10 thoughts on “Don’t bother building that retirement fund

  1. But climate change ie rising surface temps will probably make the earth unliveable in less than 90 yrs. So party like it’s 1999.

    1. See, religion is not necessary to show people an apocalypse is right around the corner.

      1. Sure, Stick, but religion is good for making people believe there is somewhere to go after the apocalypse – IF they follow orders in this world. And pony up some righteous bucks, too.

    2. Even more urgent is something called peak arable land, i.e. means land suitable for crops, google it and you’ll see some nice graphs. It peaked like 20-30 years ago, and may now be declining as ever more people need ever more space.

      What we’re seeing now is persistent famine among large populations in Asian and Africa, this means less healthy people, which means more likely to contract disease, and because they’re moving into previously uninhabited areas, means exposure to new diseases. Monkeypox is likely the first of many.

      Where I am in Ontario, Canada, we’re truly perverse in that we use the best farmland for suburban residential development. It’s really depressing.

      1. To some extent, the decline of agricultural land can be balanced by increased agricultural efficiency, but your point remains the same. At some point the combination of declining agricultural land, the impact of severe climate, and a constantly increasing population will become so critical that population growth must decline as a result, whether through warring over limited resources, starvation or disease. (Those factors combine in powerful ways. A concrete example: War in Ukraine results in starvation in Africa, resulting in death at both ends. A hypothetical example: An increase in population means people need more land for habitation, therefore less for agriculture – thus increasing the demand for food while simultaneously diminishing the ability to produce it, as your Ontario example suggests.)

        Malthus may not have been exactly right on all the details, and he seemed like an alarmist in his own time, but he was definitely onto something, and now seems prescient.

        Nobody seems to have a practical solution that might have a chance of working politically, and a good chunk of the world’s leaders won’t even acknowledge that action is necessary. I used to think that I’d like to live for centuries, just to see how we turn out, but now … I think I’d rather not know.

        1. Reference ~ Cowspiracy (2015) It’s always darkest just before it turns pitch black!

        2. I’ve read that if all you care about is the availability of food and not especially its quality (think fast food chains), then we still have more than enough raw capability world-wide to feed everyone even if the population would

          The limitations are the practical aspects of access, distribution, cost, amd preferences (i.e, vegans, etc.).
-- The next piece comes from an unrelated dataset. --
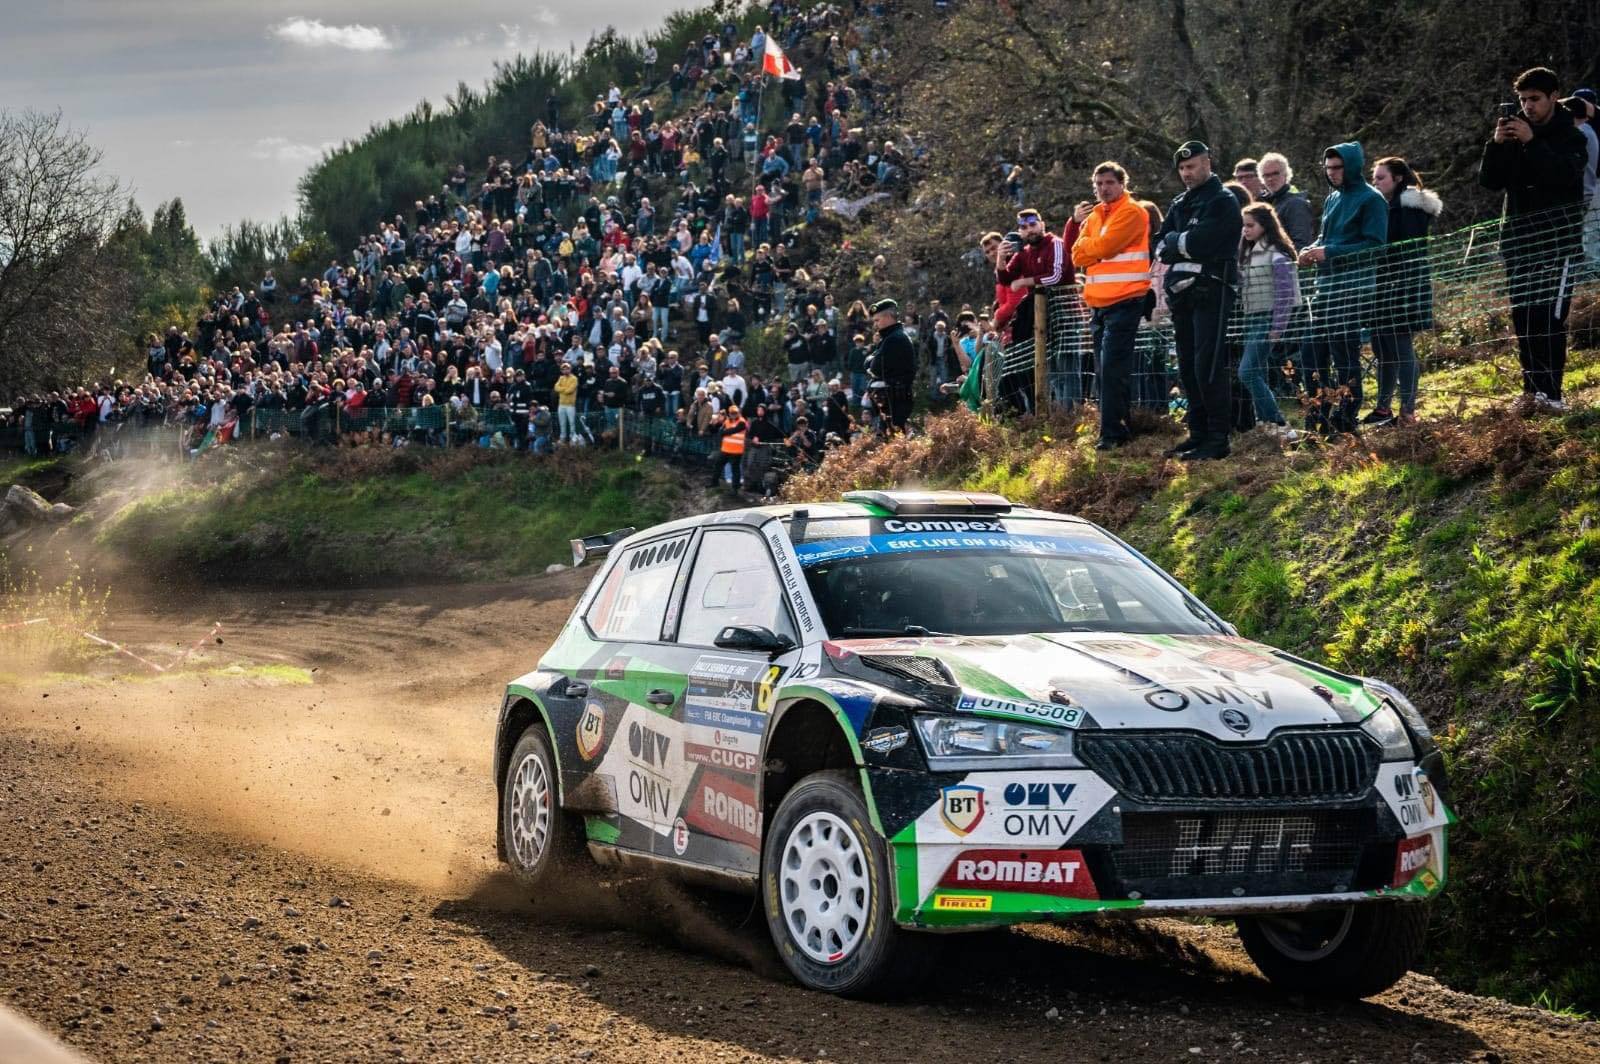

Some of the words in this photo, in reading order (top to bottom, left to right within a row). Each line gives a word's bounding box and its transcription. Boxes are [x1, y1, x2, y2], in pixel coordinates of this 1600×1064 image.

It would probably also mean doing things that many find distasteful, such as consolidating to large mega-farms and use of GMO. I’m not advocating this, just saying that at least in theory, capacity can be expanded.

          Then of course, there’s always Soylent Green.

          1. From my observations, the source material for Soylent Green is also declining in quality.

        3. The “genius” that goes by the name Elon Musk thinks the planet needs more people…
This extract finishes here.